When the first massive metal hatched popped open on the Chinese submarine, the noise passed through the water as a sound wave. Sound moves much faster through the water than it does through the air. If that had been the only sound generated by the SSBN, it might have slipped by the tired sonar operators on the American submarine. In the real world, there were very few ways to keep quiet when you launched a four-story building from twenty meters under the water. When the first missile started on its way towards the surface it caused another wave of sound. And that was the sound that could be the death knell for a submarine in time of war.

The head sonar operation about came out of his padded chair as the sound of the moving parts that made the gas generator work passed through the water and covered the distance between the two vessels. His hands flew across the buttons and nobs on the systems that were his trade. By the time the gas generators had kicked out the missile from its canister in the number one tube, he was singing out his report to the command center of his vessel.

"Transit! Transit! I have a Sierra bearing 67 degrees! Range is still working! This is not a drill." He did not need to repeat what he had just said to get the CIC moving.

He added the last bit just to remind everyone that this one was not a training call out. This was a real world event. About as real as everyone had hoped would not happen to anyone, ever. That is, outside of a movie playing in the mess hall.

Alarms were not blaring and there were not even lights flashing around the room or ship. That was not the way of the American silent service. Captain O'Kane took the three long steps so that he was now looking over the shoulder of the younger man. O'Kane was looking at the waterfall display that showed the sonar information in almost the raw form. He had come up through the tactical track for most of his career as a navy officer. That meant that he could read the display, just not as well as a dedicated operator could. So when it spiked again on the display, he noticed and he had some idea of what it meant in the real world. That did not stop the operation from sounding off with the second set of noises.

"Sir, new transit same bearing. It's loud and we're getting spill over. It sounds like a passenger train or something slamming through the water column."

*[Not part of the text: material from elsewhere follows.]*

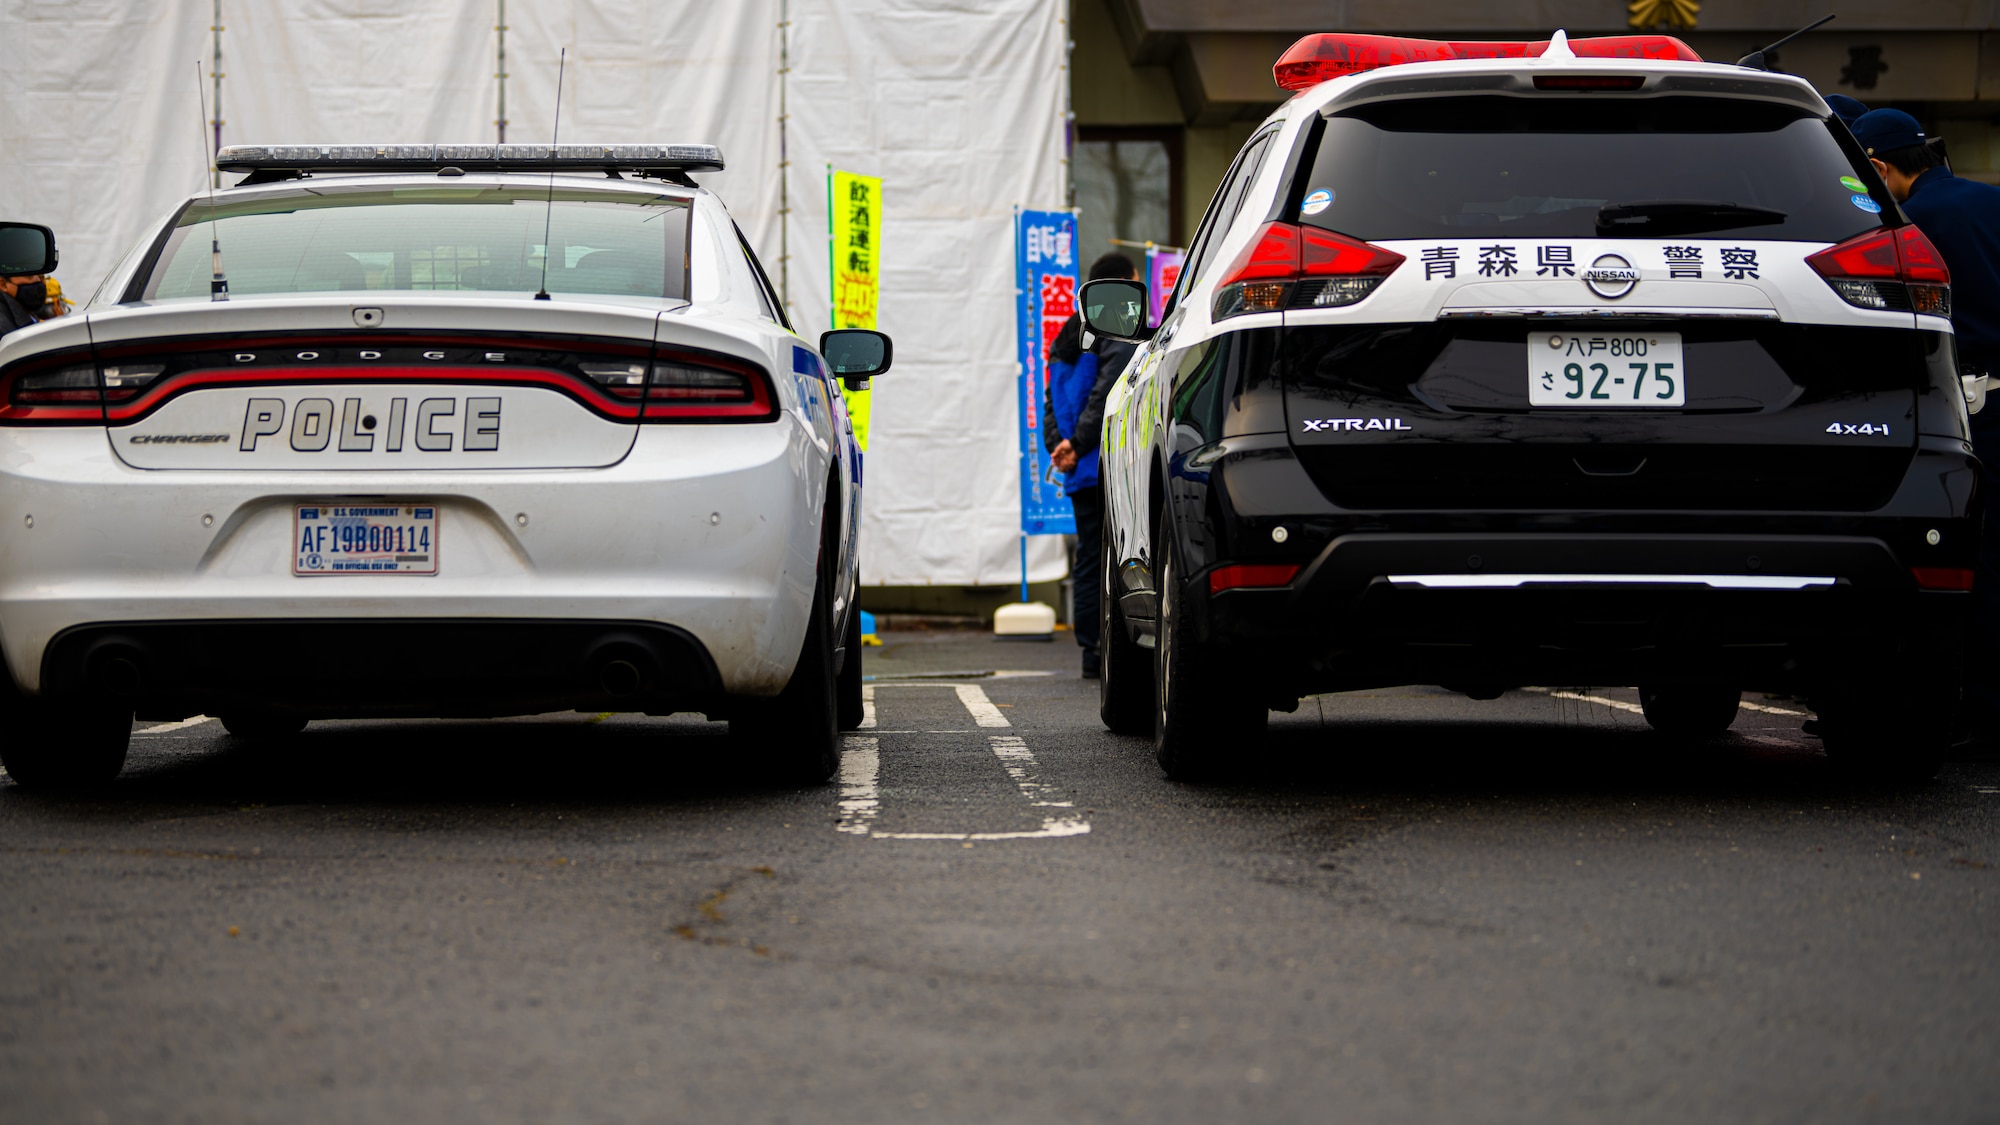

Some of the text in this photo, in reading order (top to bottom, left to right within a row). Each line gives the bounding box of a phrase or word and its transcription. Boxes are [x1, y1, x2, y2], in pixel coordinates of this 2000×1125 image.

The sonar tech tried to push the headphone deeper into his ear canals as he listened to what his systems were trying to tell him. In a few seconds, his eyes shot up. "Sir, something broke the surface. It sounds like a missile, but a lot bigger than any Tomahawk or Harpoon launch I've ever heard before."

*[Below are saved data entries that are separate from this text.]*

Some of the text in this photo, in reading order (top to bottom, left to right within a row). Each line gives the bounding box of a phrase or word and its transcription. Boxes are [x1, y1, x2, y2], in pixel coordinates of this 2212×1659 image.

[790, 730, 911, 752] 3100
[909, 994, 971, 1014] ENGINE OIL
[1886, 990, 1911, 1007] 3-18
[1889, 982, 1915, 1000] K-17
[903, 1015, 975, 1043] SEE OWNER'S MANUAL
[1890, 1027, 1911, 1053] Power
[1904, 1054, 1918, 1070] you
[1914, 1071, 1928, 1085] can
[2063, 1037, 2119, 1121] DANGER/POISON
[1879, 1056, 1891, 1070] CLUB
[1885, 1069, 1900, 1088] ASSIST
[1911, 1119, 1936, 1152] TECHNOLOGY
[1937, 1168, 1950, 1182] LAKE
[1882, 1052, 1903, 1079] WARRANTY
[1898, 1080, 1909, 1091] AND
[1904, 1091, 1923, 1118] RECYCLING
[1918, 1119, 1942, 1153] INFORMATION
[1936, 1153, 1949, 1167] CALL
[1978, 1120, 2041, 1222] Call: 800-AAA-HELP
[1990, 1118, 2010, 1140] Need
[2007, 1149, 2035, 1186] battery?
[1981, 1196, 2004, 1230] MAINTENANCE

The second sonar operator looked up with eyes so wide that the whites were almost fully around the irises like an egg on a hot iron skillet. "Second transit. It's like the first. It sounds like a hatch popping. It's kind of like that old Ohio boat from training school." His eyes closed as his training kicked into high gear and he almost became one with his detection systems. "It looks like she's about ten nautical miles out 270 degrees off our bow."

He stopped talking as his computer station started beeping and now little flashing lights were going off all over the CIC. Hearts across three different compartments stopped as their minds processed what those little lights meant. "Sir the computer knows this Sierra! She is cataloged as an SC-75, a Tang-class boomer!"

The sonar crewman was already talking to thin air, as the captain was already moving towards the front of the command area. "Weps, fire tube 3 on that bearing, NOW!. Ready tube 4 for wire guidance! It's going to be a hip shot," was shouted from the sub commander to the CIC crew. Thanks to the retraining, all were on the task like a cat on a patch of fresh catnip. Most of their brains were not fully online with what they were doing yet. It was all training and muscle memory.

After the Chinese attack that caught most people around the world with their pants down, the rules had changed. Some of those changes were made public and some were very much on the classified side of the world. A new directive was put out to every ship in the CINCPAC area of operation. They all would now carry armed weapons ready to launch as soon as they left their home ports. This was one of those orders that had been slipped through the President's desk by the Joint Chiefs that she had not noticed, and it had not been changed under the new administration.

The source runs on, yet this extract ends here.